---------- Records for this exercise

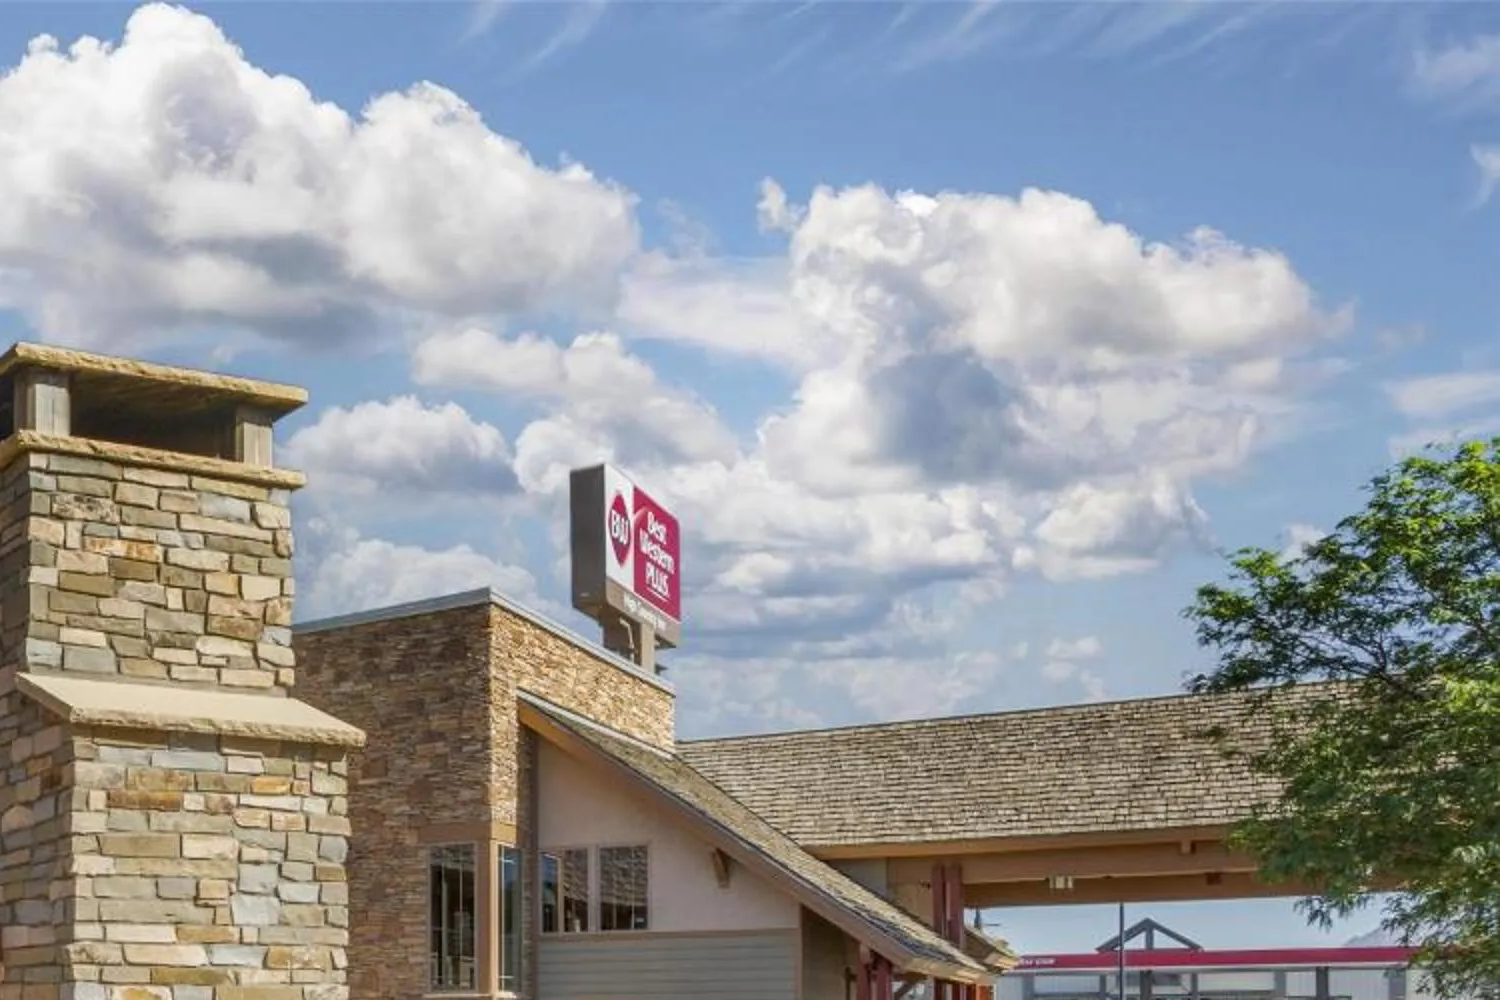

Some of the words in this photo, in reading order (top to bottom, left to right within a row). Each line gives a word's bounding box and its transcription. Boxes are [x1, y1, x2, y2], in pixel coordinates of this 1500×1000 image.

[647, 511, 667, 545] Best
[639, 527, 675, 575] Western
[645, 561, 669, 598] PLUS
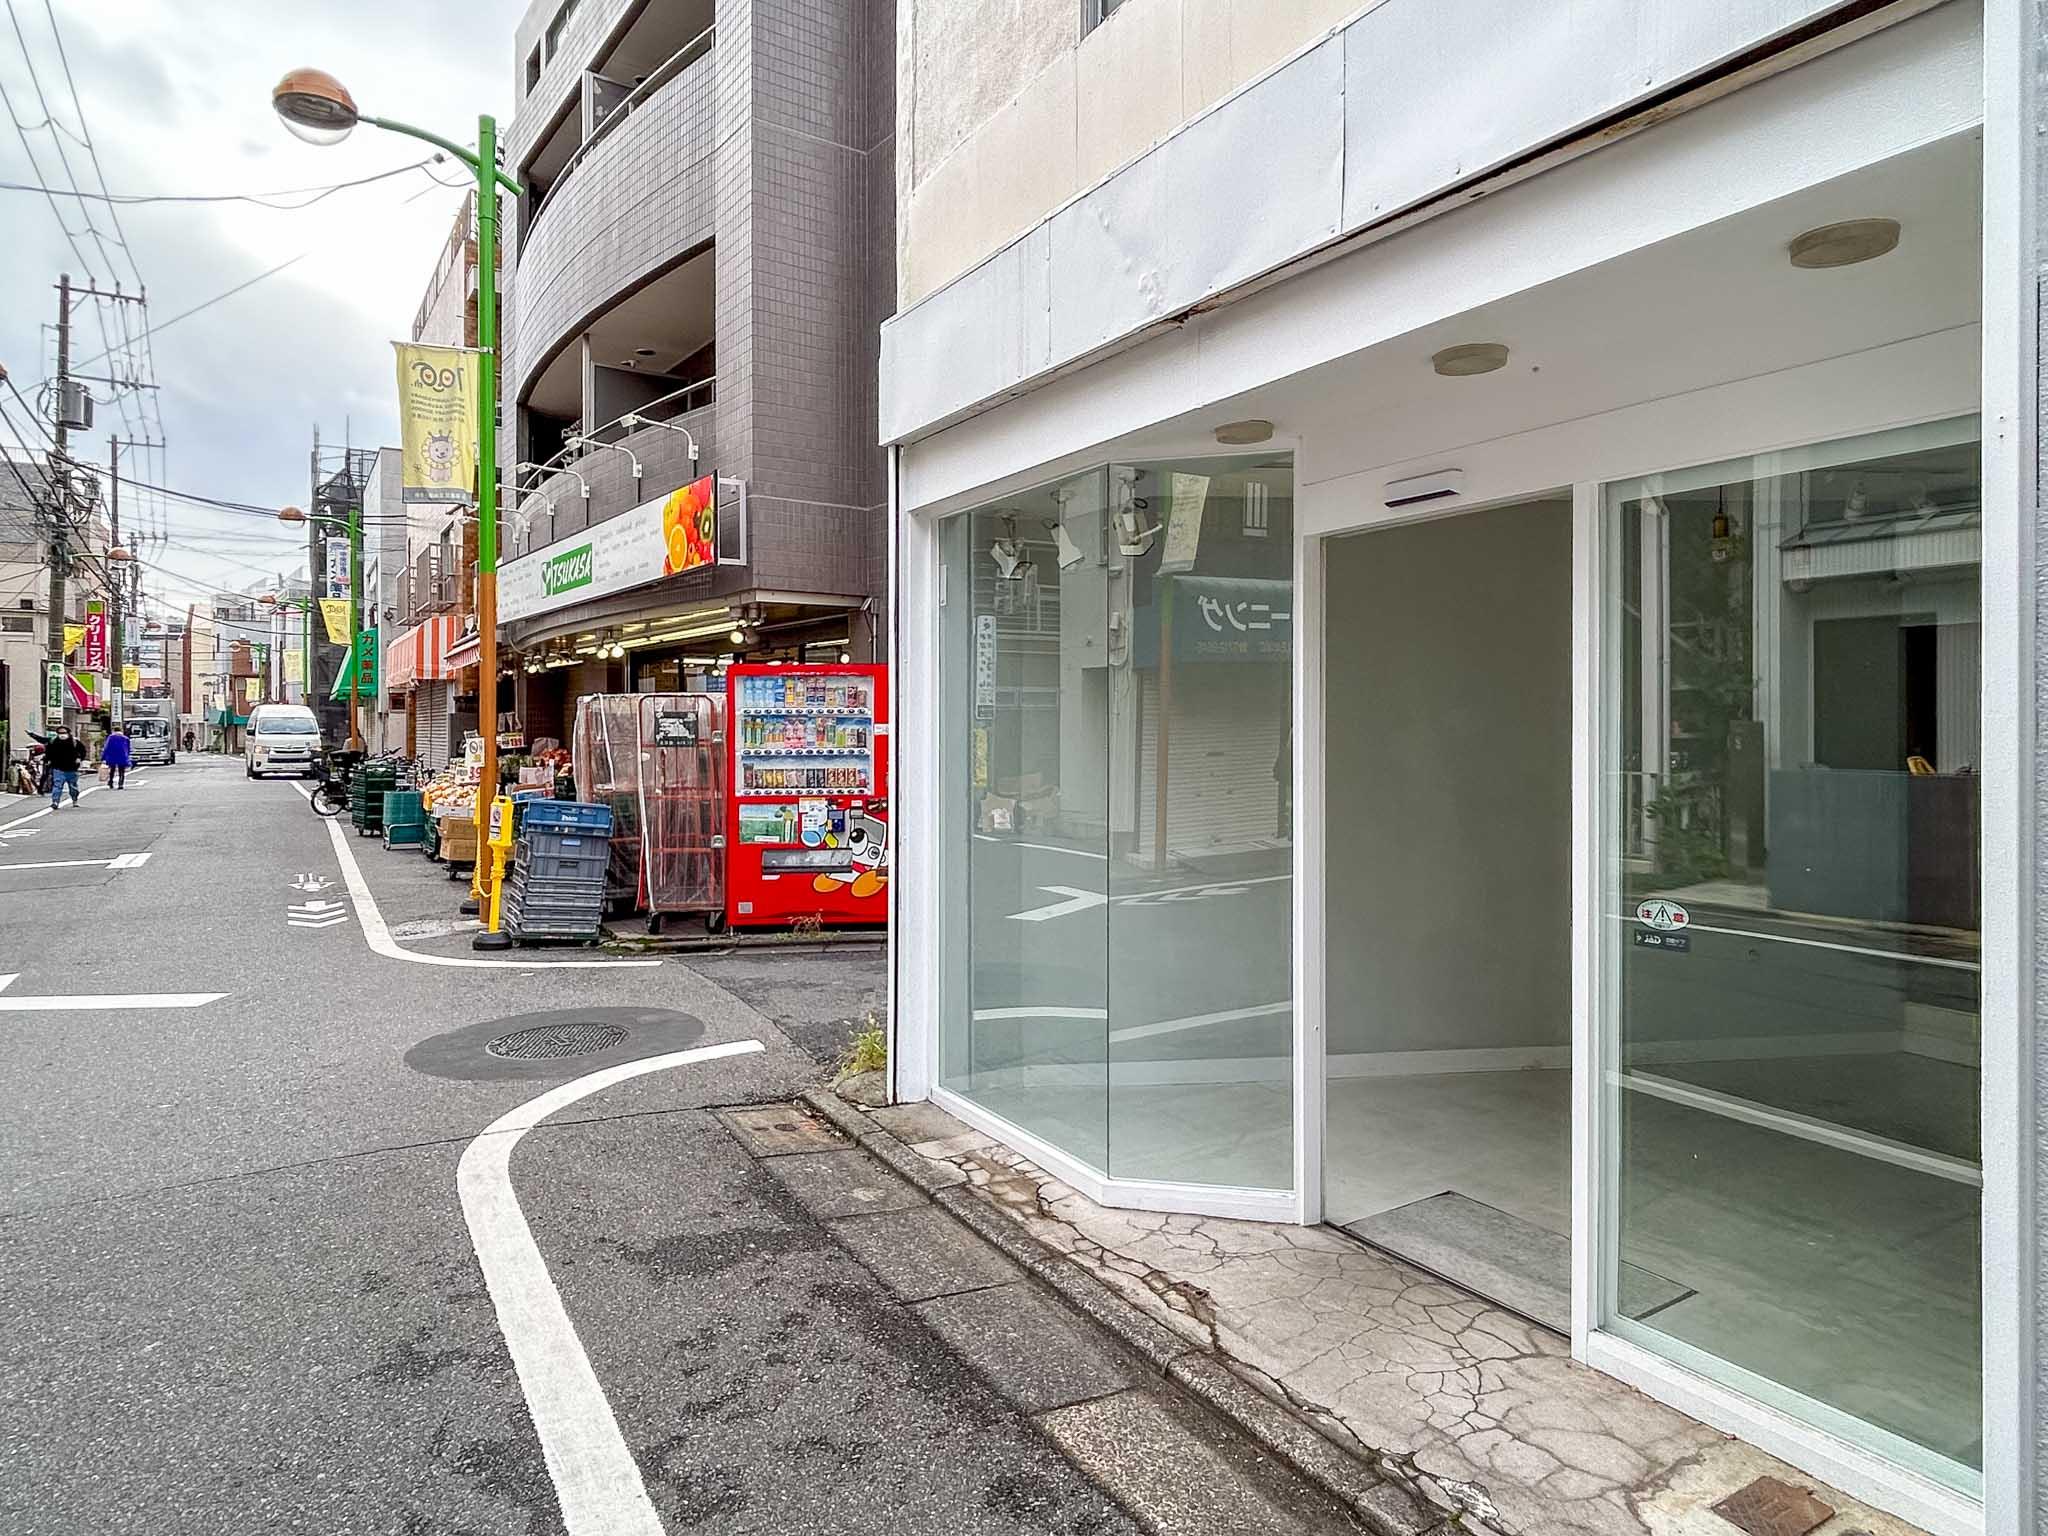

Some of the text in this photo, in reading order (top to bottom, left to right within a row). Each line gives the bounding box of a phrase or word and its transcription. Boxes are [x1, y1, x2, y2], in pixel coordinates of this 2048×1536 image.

[553, 550, 592, 588] TSUKASA
[88, 615, 104, 671] クリーニング
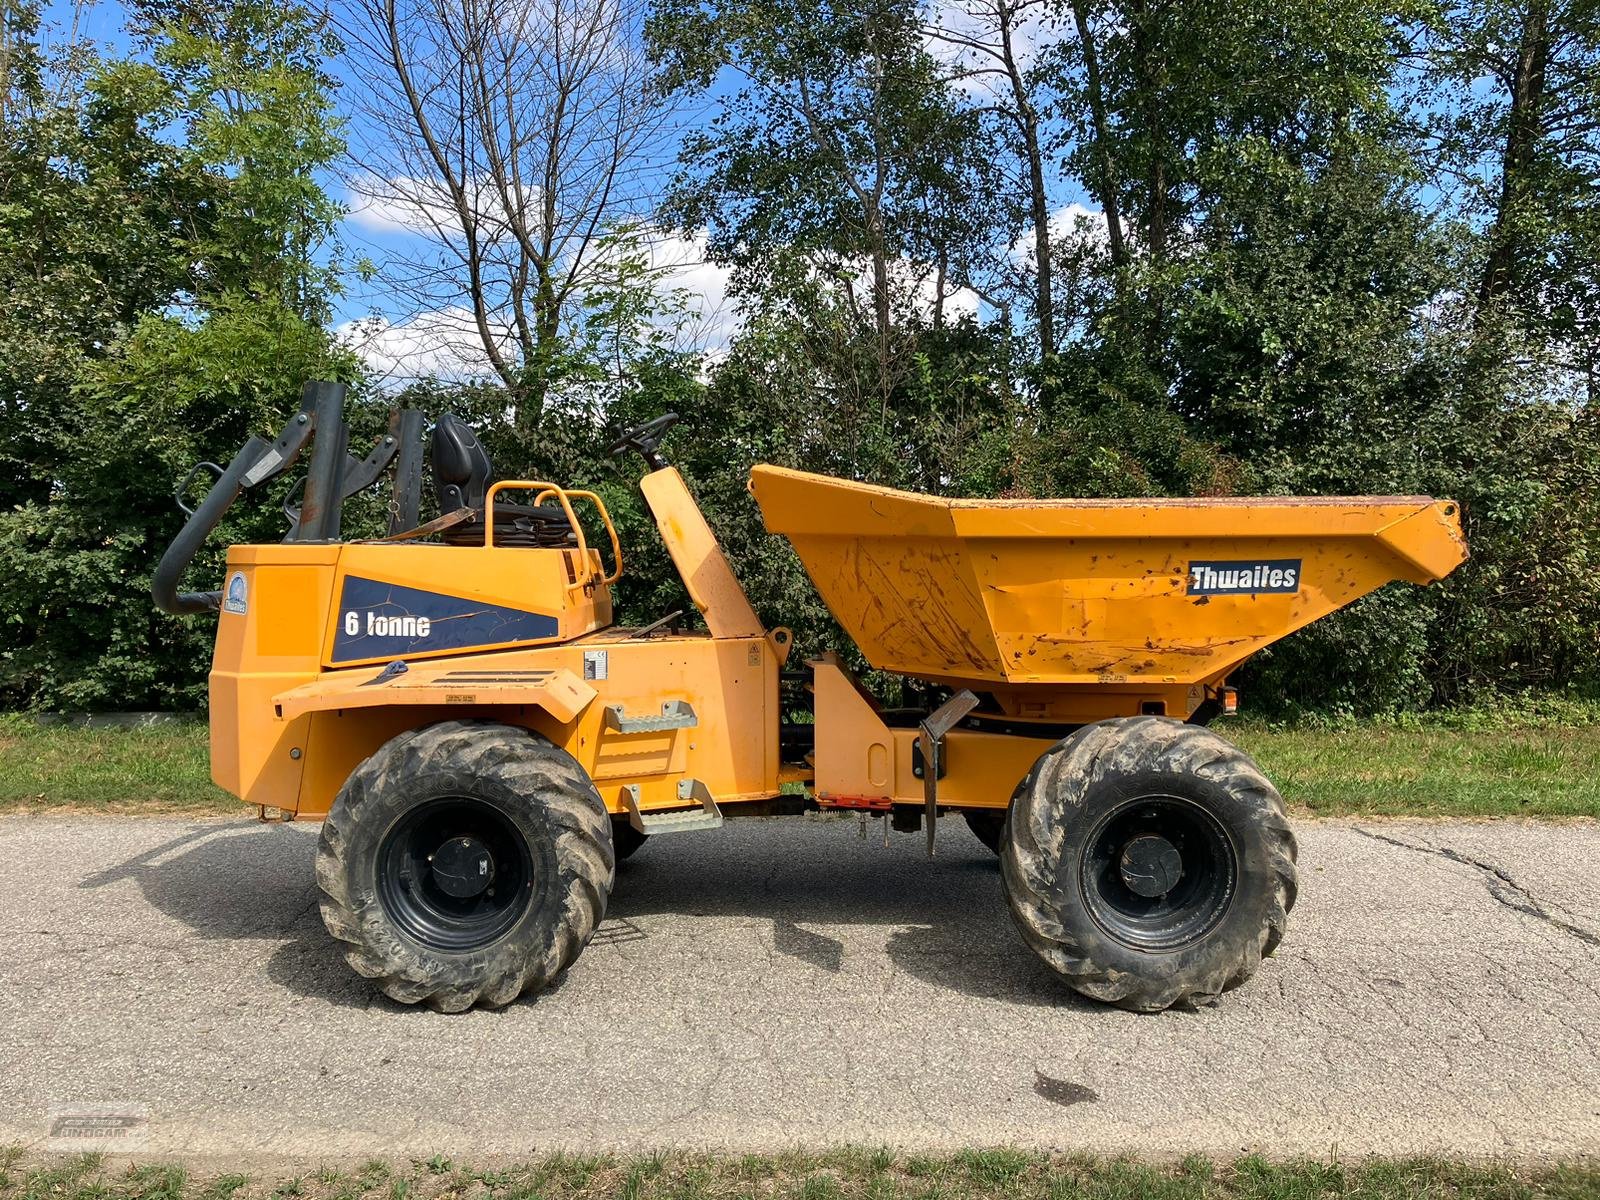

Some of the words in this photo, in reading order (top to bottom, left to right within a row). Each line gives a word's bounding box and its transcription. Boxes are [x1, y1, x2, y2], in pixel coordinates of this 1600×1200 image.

--------------------

◆ Exercise goal
Retype exactly, and only, the lines from the one containing "Some of the text" through the end of the material, leaving aside every picture.

◆ Output
Some of the text in this photo, in reading order (top to bottom, left to right within a row). Each line gives the bounding box of a phrase or word and its transcription. Boxes are [x1, y1, x2, y2], in pixel coordinates of this 2048×1536 image.

[553, 550, 592, 588] TSUKASA
[88, 615, 104, 671] クリーニング

Some of the words in this photo, in reading order (top to bottom, left to right within a row). Each line gives a word's bounding box and its transcription. Boxes are [x1, y1, x2, y2], in pixel coordinates of this 1600×1200 image.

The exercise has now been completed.